◆ INSTRUCTIONS FOR THE TASK
Please output exactly the run of lines that starts at the line with "this 1600×1128 image." and ends at the last line of the records below.

(Beginning of SOURCE DATA)

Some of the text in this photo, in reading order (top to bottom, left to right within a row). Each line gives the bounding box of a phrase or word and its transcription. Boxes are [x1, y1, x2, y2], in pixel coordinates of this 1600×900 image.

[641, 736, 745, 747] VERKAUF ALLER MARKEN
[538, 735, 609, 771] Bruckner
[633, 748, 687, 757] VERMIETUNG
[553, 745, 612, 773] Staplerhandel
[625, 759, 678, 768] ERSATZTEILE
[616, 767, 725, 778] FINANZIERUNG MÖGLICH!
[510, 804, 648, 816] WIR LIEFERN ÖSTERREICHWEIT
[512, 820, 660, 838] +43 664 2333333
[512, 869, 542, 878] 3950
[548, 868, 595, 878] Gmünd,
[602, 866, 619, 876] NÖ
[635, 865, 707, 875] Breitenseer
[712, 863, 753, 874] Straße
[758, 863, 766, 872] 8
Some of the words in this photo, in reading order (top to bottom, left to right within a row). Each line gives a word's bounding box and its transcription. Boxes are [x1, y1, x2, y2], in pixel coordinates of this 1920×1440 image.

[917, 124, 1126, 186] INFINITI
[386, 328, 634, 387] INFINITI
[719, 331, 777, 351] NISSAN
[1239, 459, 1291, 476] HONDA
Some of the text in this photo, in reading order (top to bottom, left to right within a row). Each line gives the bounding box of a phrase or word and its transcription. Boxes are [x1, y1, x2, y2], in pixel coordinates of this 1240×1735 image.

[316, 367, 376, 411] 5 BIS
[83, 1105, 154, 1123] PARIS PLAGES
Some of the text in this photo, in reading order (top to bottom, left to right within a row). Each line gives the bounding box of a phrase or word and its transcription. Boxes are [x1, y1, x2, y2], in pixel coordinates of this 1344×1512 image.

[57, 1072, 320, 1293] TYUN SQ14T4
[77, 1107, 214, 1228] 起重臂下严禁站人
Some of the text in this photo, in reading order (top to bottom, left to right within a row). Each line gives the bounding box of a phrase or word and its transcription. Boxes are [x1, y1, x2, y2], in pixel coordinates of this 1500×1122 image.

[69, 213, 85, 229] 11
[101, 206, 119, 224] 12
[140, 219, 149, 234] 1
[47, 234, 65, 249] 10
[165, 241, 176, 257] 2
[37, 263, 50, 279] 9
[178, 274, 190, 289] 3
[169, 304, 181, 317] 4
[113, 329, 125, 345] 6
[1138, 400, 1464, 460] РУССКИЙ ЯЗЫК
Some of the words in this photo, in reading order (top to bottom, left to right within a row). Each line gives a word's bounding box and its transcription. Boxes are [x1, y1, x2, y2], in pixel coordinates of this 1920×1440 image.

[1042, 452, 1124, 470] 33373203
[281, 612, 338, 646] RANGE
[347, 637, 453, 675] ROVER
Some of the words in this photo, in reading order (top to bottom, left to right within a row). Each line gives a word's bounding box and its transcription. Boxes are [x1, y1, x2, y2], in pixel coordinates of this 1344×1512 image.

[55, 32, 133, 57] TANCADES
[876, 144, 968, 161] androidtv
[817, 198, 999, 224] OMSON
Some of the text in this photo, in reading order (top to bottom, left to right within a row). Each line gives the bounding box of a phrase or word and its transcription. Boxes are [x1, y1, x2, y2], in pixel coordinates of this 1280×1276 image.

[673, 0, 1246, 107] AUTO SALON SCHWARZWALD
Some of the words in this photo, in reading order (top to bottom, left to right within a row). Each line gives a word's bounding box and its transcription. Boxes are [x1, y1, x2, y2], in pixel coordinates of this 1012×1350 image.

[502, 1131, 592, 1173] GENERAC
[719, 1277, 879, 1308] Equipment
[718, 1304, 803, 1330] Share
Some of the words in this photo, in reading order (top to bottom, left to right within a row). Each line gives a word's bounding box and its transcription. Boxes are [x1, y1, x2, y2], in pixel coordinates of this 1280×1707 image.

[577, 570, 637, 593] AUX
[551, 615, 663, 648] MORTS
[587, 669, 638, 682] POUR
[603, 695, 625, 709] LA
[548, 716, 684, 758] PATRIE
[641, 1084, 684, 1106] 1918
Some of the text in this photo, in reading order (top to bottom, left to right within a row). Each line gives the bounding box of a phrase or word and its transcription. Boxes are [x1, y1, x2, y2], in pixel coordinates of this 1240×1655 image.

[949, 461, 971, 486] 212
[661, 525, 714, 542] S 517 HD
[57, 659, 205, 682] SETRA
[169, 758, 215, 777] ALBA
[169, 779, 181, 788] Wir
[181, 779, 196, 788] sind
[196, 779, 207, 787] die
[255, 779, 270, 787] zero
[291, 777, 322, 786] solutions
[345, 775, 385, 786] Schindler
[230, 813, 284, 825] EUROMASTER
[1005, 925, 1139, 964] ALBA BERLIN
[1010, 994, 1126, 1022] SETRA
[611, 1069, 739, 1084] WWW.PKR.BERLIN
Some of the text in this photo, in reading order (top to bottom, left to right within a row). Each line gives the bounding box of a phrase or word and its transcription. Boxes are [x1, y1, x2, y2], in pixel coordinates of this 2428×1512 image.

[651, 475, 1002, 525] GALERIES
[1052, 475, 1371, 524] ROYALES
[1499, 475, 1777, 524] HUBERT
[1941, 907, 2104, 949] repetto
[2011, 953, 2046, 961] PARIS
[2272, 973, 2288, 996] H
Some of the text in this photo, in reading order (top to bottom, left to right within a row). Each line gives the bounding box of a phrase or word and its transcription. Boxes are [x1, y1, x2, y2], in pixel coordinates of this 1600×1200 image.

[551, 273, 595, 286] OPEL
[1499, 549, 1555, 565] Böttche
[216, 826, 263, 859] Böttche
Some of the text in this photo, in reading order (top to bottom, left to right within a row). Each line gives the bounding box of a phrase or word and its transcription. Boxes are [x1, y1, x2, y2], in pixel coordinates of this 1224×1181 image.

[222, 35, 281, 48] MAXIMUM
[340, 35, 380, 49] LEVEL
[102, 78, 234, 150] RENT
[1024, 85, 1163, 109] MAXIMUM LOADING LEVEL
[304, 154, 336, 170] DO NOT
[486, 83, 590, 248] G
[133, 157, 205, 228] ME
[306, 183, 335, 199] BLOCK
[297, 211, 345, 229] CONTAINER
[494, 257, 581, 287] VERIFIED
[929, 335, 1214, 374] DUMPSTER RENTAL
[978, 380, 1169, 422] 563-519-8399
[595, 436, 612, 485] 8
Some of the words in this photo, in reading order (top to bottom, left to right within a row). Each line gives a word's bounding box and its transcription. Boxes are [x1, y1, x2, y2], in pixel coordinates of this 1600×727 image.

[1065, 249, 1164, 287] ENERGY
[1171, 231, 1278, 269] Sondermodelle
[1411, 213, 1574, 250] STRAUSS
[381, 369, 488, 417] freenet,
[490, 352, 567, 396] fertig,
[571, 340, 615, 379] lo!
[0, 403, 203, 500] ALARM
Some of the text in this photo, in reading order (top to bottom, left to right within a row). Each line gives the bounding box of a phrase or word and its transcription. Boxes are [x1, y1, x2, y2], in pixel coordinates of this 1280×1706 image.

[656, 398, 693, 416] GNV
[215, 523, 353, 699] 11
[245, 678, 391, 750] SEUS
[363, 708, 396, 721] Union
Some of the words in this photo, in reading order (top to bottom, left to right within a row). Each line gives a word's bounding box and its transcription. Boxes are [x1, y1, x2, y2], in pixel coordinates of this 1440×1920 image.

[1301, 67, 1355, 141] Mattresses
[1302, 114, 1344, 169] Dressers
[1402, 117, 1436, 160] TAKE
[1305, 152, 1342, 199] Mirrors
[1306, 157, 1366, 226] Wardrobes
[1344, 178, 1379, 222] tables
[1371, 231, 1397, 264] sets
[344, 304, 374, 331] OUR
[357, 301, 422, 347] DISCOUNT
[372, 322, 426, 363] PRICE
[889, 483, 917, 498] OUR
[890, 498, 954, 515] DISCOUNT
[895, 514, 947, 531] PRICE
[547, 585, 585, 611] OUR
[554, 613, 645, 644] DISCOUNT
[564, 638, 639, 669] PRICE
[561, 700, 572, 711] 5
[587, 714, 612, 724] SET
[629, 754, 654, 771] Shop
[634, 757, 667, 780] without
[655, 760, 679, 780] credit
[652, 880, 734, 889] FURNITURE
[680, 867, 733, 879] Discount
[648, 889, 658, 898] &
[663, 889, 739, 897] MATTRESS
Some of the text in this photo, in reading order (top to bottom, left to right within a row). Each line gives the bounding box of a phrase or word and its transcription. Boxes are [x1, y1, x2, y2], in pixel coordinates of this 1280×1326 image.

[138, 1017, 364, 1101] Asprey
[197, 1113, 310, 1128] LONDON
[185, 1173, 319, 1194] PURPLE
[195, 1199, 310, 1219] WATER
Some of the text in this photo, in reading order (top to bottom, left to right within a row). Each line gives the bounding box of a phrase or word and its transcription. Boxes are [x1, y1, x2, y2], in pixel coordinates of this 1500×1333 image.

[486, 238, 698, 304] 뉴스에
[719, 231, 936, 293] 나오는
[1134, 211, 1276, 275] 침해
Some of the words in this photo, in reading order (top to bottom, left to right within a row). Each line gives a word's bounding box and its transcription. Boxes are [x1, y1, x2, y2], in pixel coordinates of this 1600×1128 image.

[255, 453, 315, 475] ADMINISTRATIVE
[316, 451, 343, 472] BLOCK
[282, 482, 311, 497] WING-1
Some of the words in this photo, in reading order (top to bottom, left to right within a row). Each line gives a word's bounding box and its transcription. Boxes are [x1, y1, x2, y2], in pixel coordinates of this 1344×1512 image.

(End of SOURCE DATA)

◆ OUTPUT FOR THIS TASK
Some of the words in this photo, in reading order (top to bottom, left to right within a row). Each line gives a word's bounding box and its transcription. Boxes are [x1, y1, x2, y2], in pixel coordinates of this 1600×1128 image.

[255, 453, 315, 475] ADMINISTRATIVE
[316, 451, 343, 472] BLOCK
[282, 482, 311, 497] WING-1
Some of the words in this photo, in reading order (top to bottom, left to right within a row). Each line gives a word's bounding box and its transcription. Boxes are [x1, y1, x2, y2], in pixel coordinates of this 1344×1512 image.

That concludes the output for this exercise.